The demolition of these historic buildings, in turn, had many benefits for the tribes. "A Pueblo governor reportedly called the demolition of the buildings 'a spiritual cleansing' for his people". "Spiritual cleansing" was desired by the Pueblo Tribes after years of attending Indian Boarding Schools and assimilating to different ideals. The restoration of the school contributed to enhancing and reviving the overall cultural experience of the school. The rebuilding of the school was a collaborative design build project between Albuquerque offices of Flintco Construction and ASCG. To create a welcoming, home-like environment, SFIS included fireplaces in the dorms and classrooms. SFIS believes creating a familiar environment will prevent students from becoming homesick and possibly reduce the dropout rate.

Today there are 624 students enrolled at SFIS in grades 7-12. Out of 624 students, 155 commute and 469 live in the dorms. The school is currently 54% girls and 46% boys. The Nineteen Pueblo Tribes were the most influential in the construction of the school; they made sure the architecture reflected their traditions and contained elements of typical Pueblo architecture. "A crucial factor in the project's success was sighting the school buildings to replicate a pueblo village while preserving views with religious significance .... The buildings radiate out from a central plaza that is the focus of the site design". The design was constructed with the intention of facilitating student comfort. The project had nineteen owners, each a governor of one of the nineteen Pueblo Tribes. These owners had conflicting views of the project goals increasing the project difficulty, but enhancing the project's outcome. Joseph Abeyta, the Director of the SFIS at the time, believed that these new renovations were their chance to take back ownership of the school and what it represents. They would ensure the school "would reflect and sustain their culture". These desires were fulfilled through the design of the project. The buildings were built in adobe style. The dorms and some classrooms contained fireplaces similar to the ones from their homes. SFIS has round rooms, to stimulate spirituality. These aspects tie together to produce the SFIS of today. With further construction and planning in the future, SFIS has a need to develop a reliable planning system.

==Governance==
There are 19 indigenous pueblos in the State of New Mexico. These pueblos elect a board of seven members, and this board governs the school.

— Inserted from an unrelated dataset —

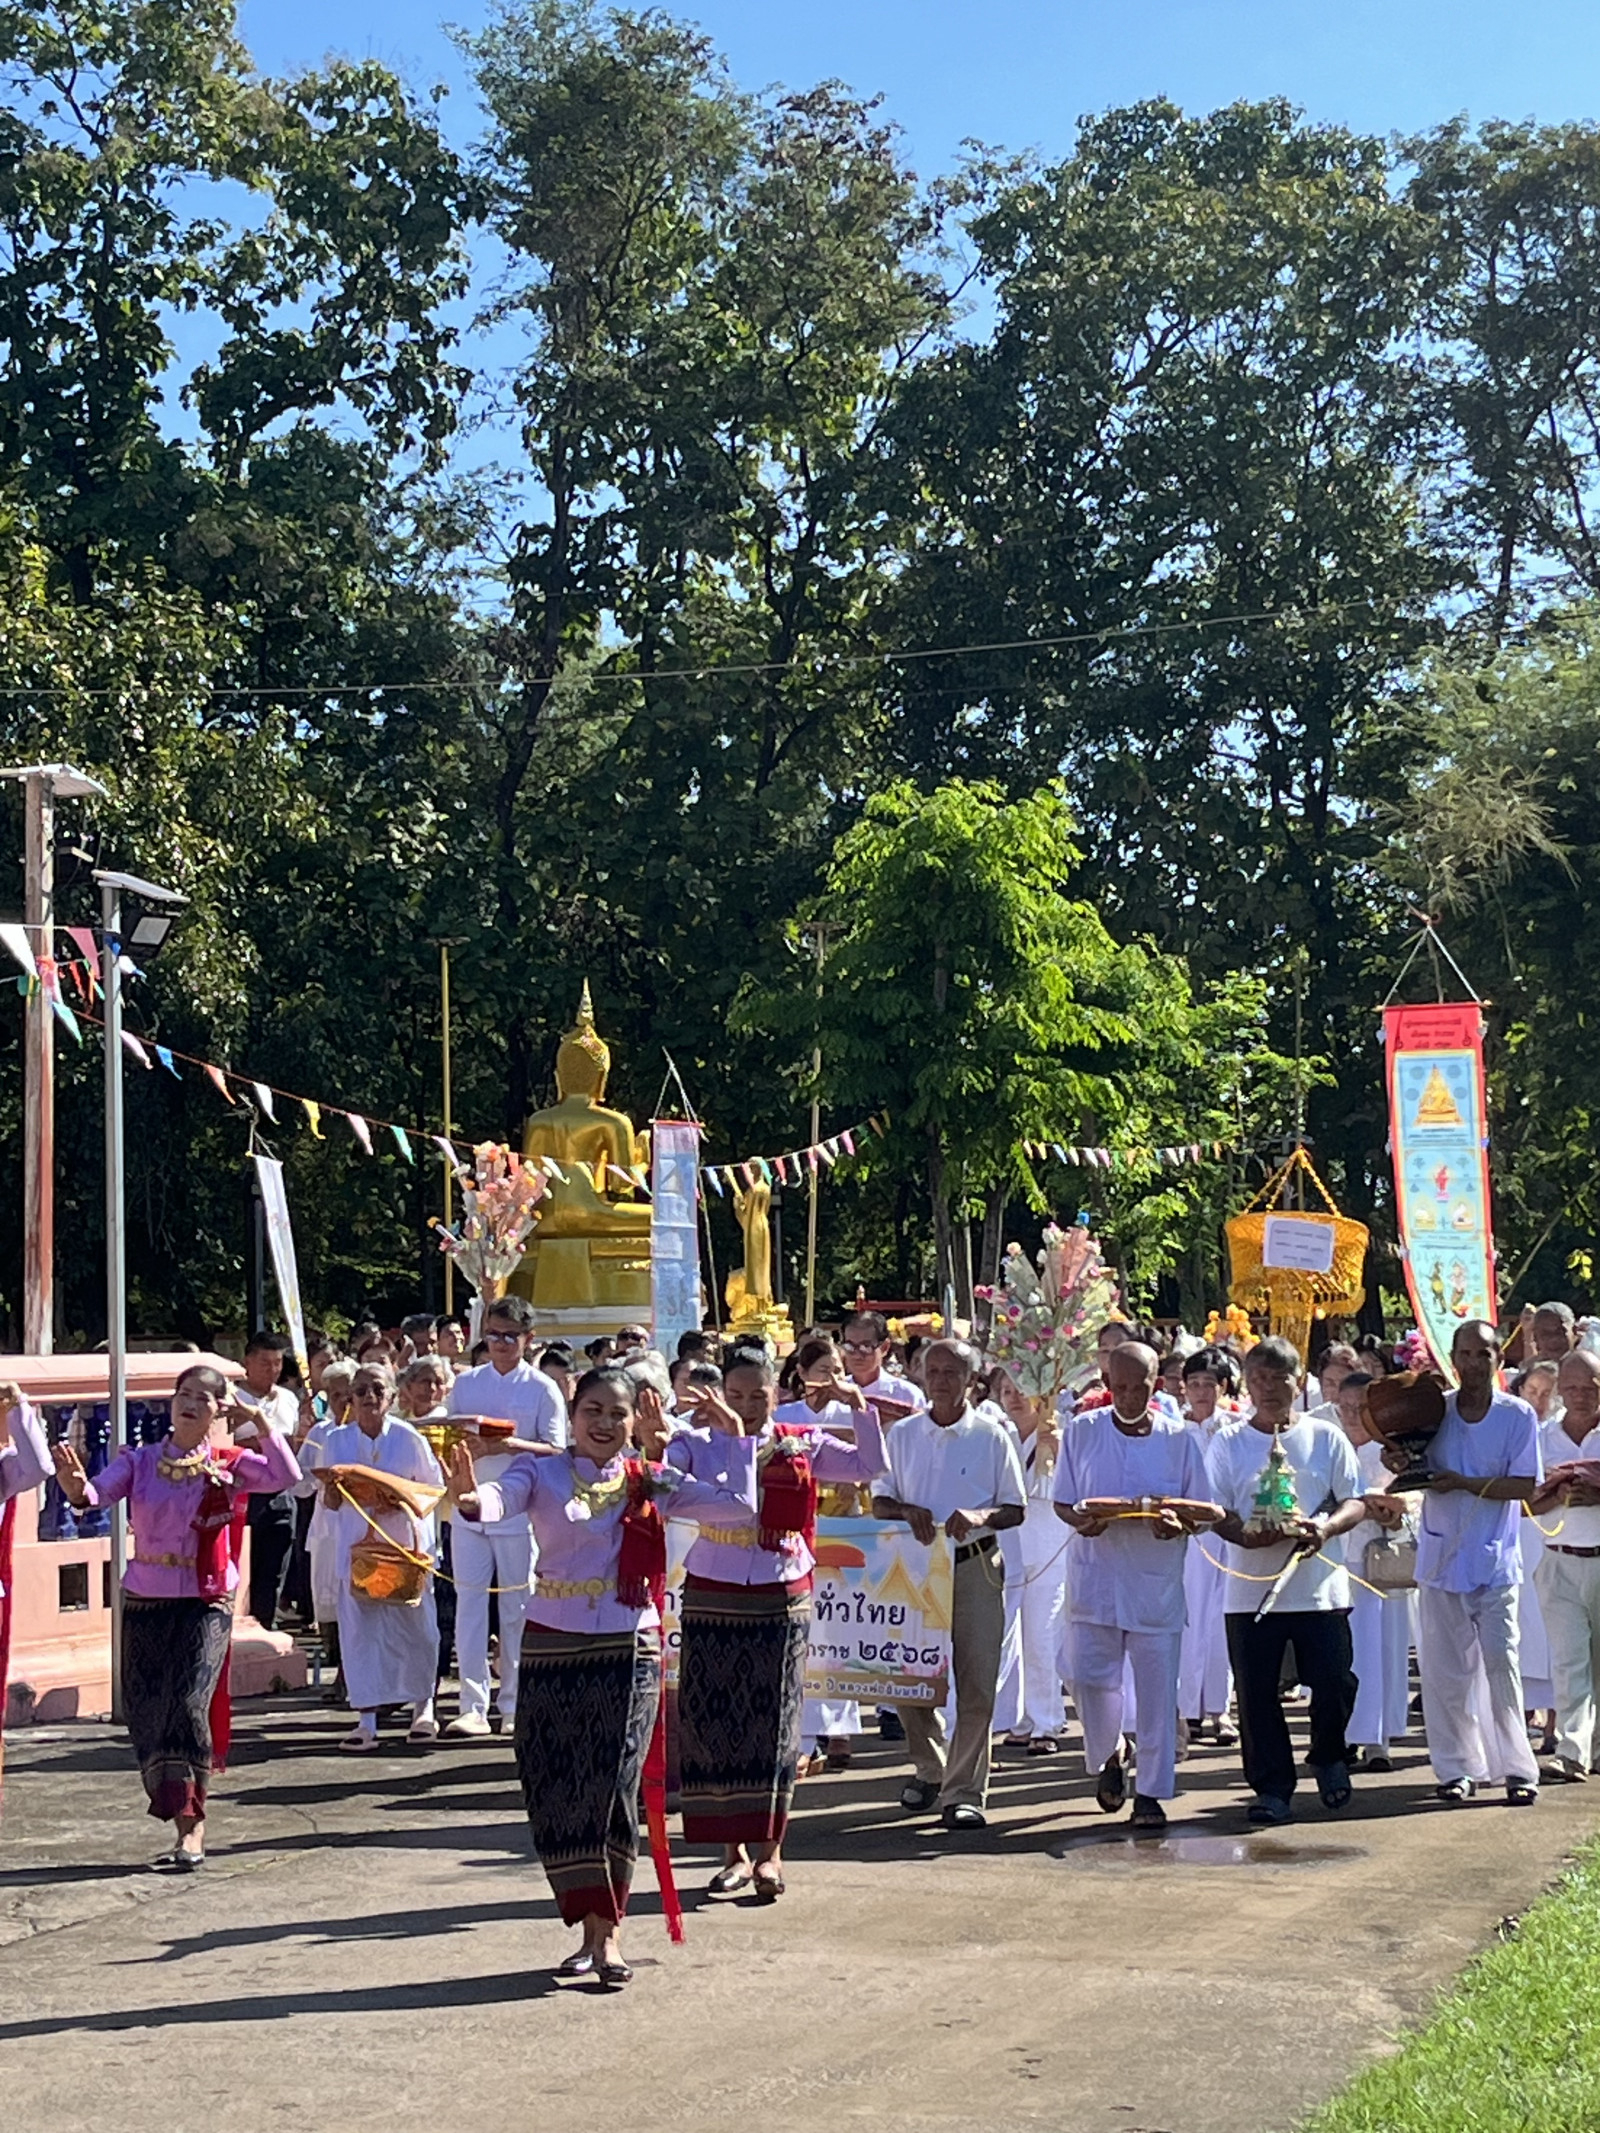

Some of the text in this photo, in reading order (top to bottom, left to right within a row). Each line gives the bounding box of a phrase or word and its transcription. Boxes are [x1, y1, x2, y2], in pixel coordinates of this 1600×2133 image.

==Education goals of SFIS==
The goals of SFIS are to educate the students by clarifying what they must accomplish, supported by an education of Native American culture as the foundation. "The Santa Fe Indian School remains a pivotal institution and educational training ground for the development of Indian students and their communities". The strong relationship the school has with its tribal communities and parents is a fundamental aspect of the SFIS experience. With enhancing the educational experience and developing a new style of teaching, SFIS is looking to capitalize on the opportunities at hand and incorporate more technology into their plans.

=== Agriscience ===
One important initiative is a branch of CBE called Agriscience, which works closely with several Pueblo communities to engage students in all aspects of farming and agricultural practices through regular community visits. They learn about their culture and science while also practicing the design and management of sustainable agriculture systems.

===Senior honors project===
Another branch of CBE is the Senior Honors Project (SHP). The SHP is designed to teach seniors necessary project skills in a way that helps their community address current problems. Victoria Atencio's SHP is a particularly relevant example. For her project, Honoring Mother Earth, she explored ways of reducing our impact on Earth by going back to traditional ways and focusing on renewable/alternative energy sources, enabling us to become a more sustainable community. She worked with the school's Green Team to teach her peers about more sustainable options.

==Campus==
There is a dormitory for middle and high school students.